## MACHINE LEARNING TO AID FACILE BREAST CANCER DIAGNOSIS

### Motivation for Project and Introduction:

   One in 8 US women (~12.4%) will develop an invasive form of breast cancer over the course of her lifetime. In 2018, 
an estimated >200000 new cases of invasive breast cancer is predicted along with over 60000 new-cases of non-invasive 
breast cancer. [1]
Are men immune to to breast cancer? The answer is no. According to breastcancer.org, ~2500 new cases of invasive breast
cancer will be diagnosed in men by 2018.This is equivalent to 1 in 1000 male with a potential for having the disease.
Besides skin-cancer, breast cancer is the most commonly diagnosed cancer with African-american women more likely at risk 
and gender along with age contributing to the risk-factor.

There are multiple approaches currently available for breast tissue evaluation for cancer cells.

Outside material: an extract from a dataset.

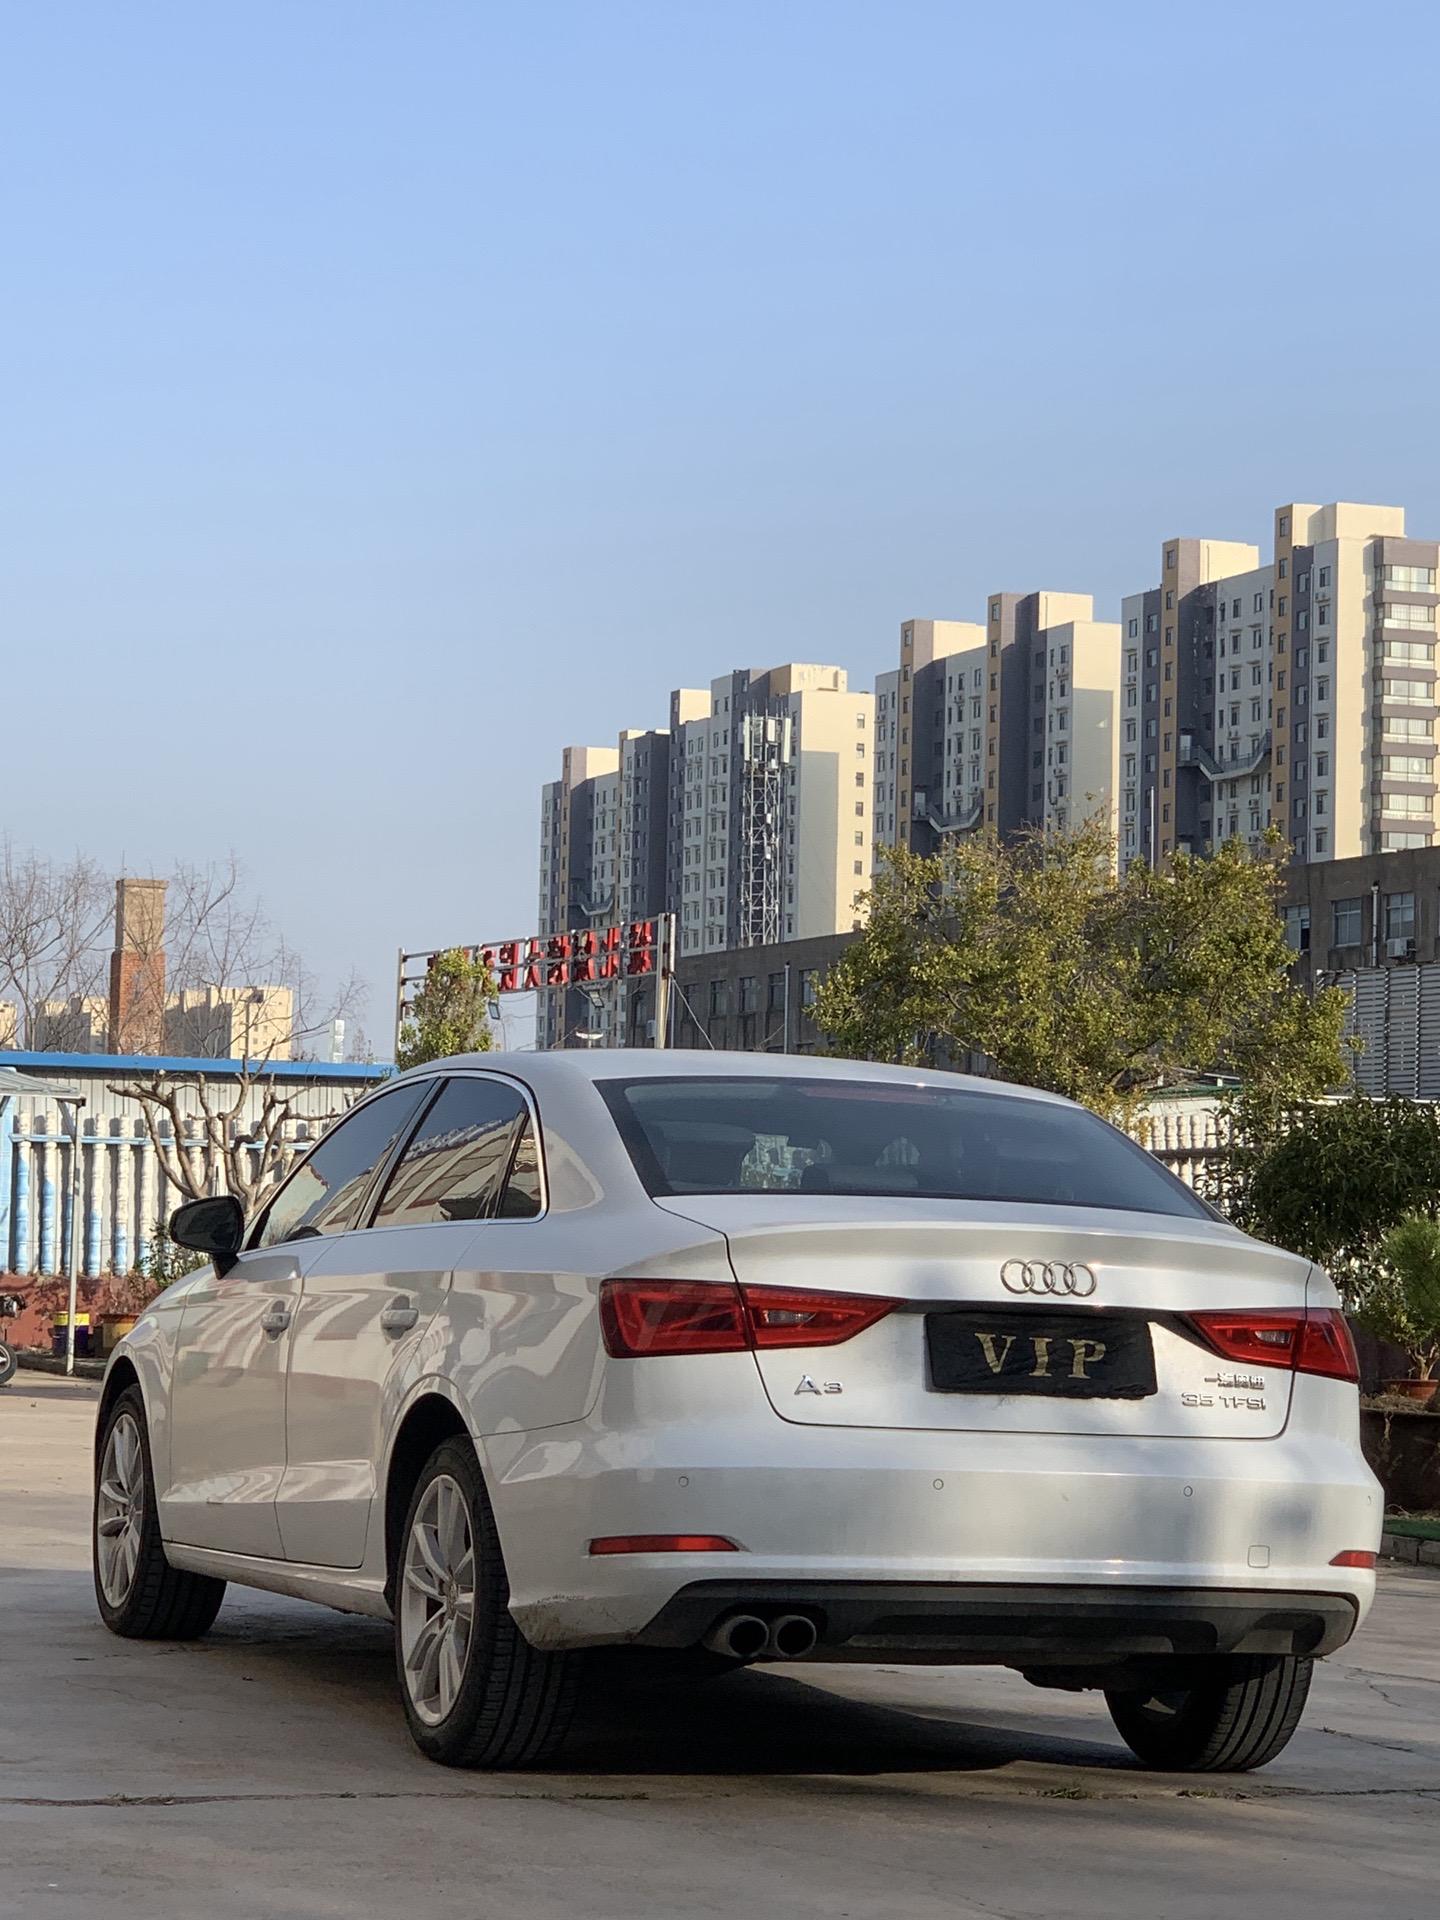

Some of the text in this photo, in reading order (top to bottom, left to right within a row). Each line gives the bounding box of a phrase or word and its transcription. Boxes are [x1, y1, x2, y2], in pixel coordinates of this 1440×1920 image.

All of the approaches involves the use of low-level ionizing x-ray radiation on breast tissue. After a breast exam is done, the expertise of a radiologist is required to convert the mammogram image into an actionable item - Cancer vs no-cancer vs need-further-investigation. Our goal in this project is to demonstrate that a semi, well-trained, Convolutional Neural Network(CNN) can be made to give, cancer along with other malignant tissues, a good detection rate at levels that meet those of well-trained radiologists.[2][3][4] 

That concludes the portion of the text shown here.